Microsoft has reportedly introduced a new open-source operating system project called LiteBox. The news first came via Phoronix, which reported that LiteBox was announced by James Morris, Microsoft’s lead for Linux OS security and open-source engagement.

For those curious, LiteBox is a security-focused library OS written in Rust that leans heavily on Linux Virtualization Based Security (LVBS). The core idea is simple but ambitious: use virtualization hardware to let LiteBox act as a secure kernel that protects a normal guest kernel running underneath it.

Microsoft describes LiteBox as a sandboxing library OS that dramatically reduces the interface exposed to the host system. By shrinking that interface, LiteBox cuts down the attack surface, which is increasingly critical in mixed OS and cloud-heavy environments. The project is designed to work across both kernel and non-kernel scenarios, rather than being locked into a single use case.

At a technical level, LiteBox exposes a Rust-style “North” interface inspired by nix and rustix, while relying on a platform-specific “South” interface underneath. This North–South design allows LiteBox to bridge different environments cleanly, making it flexible enough to plug into a wide range of platforms.

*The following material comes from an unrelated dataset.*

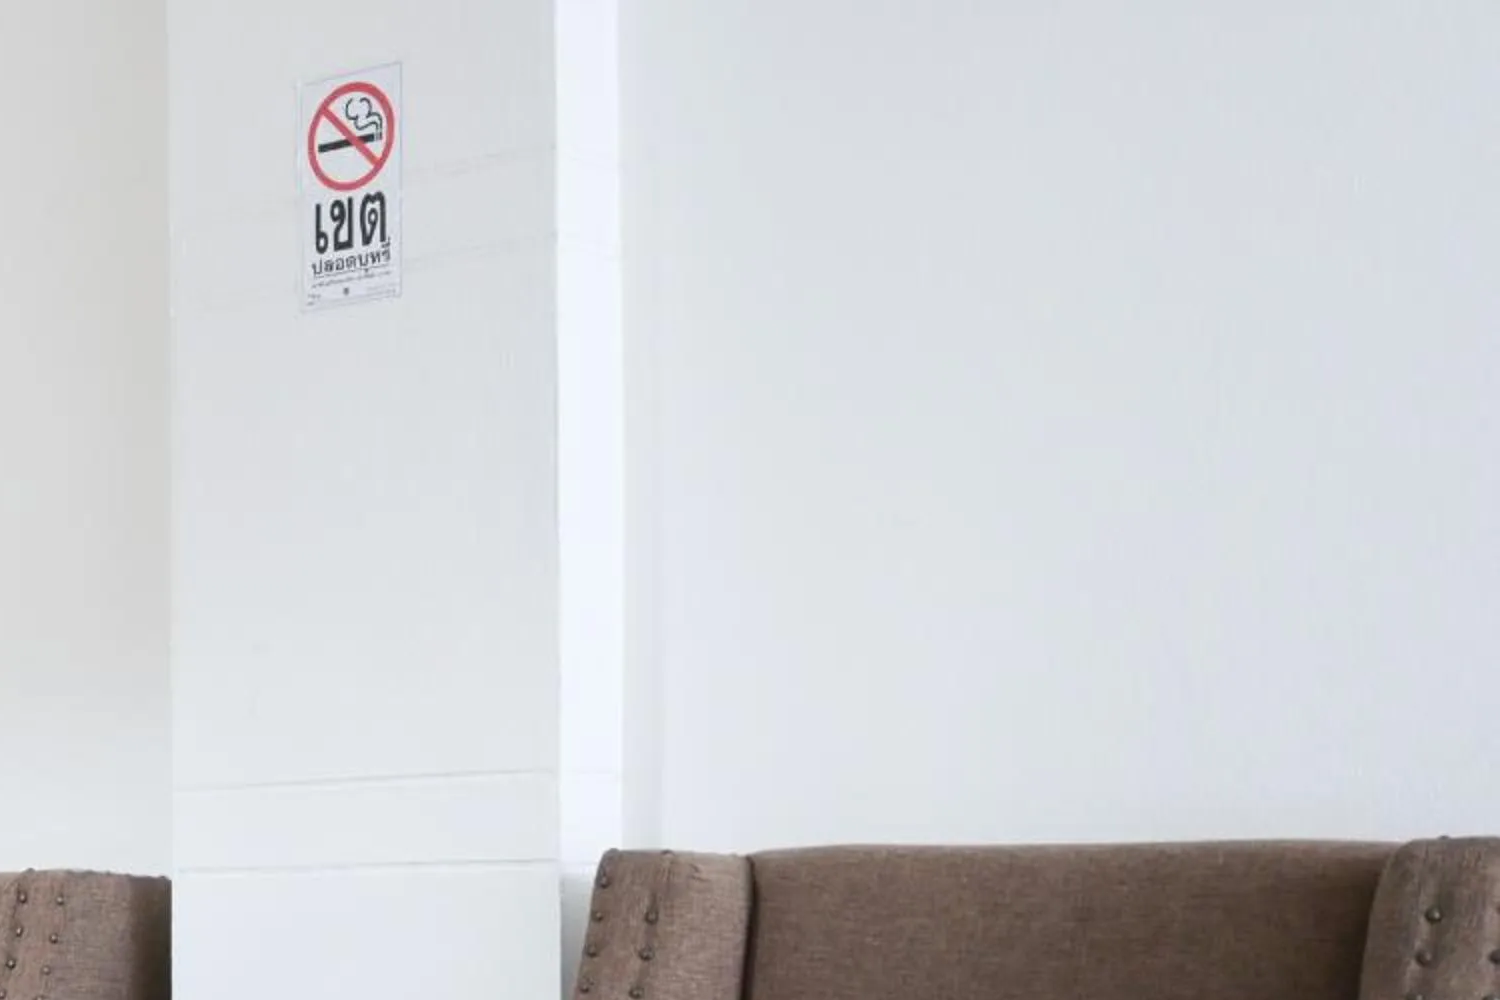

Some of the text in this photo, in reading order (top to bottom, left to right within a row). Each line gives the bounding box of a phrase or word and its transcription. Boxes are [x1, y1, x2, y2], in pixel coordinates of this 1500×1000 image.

[314, 190, 387, 254] เขต
[311, 237, 391, 275] ปลอดบุหรี่

Microsoft highlights several potential use cases, including running unmodified Linux applications on Windows, sandboxing Linux apps on Linux, running workloads on top of AMD SEV-SNP, supporting OP-TEE programs, and operating directly on LVBS.

LiteBox is fully open-source under the MIT license and is already available on GitHub. There’s no stable release yet, but active development is underway.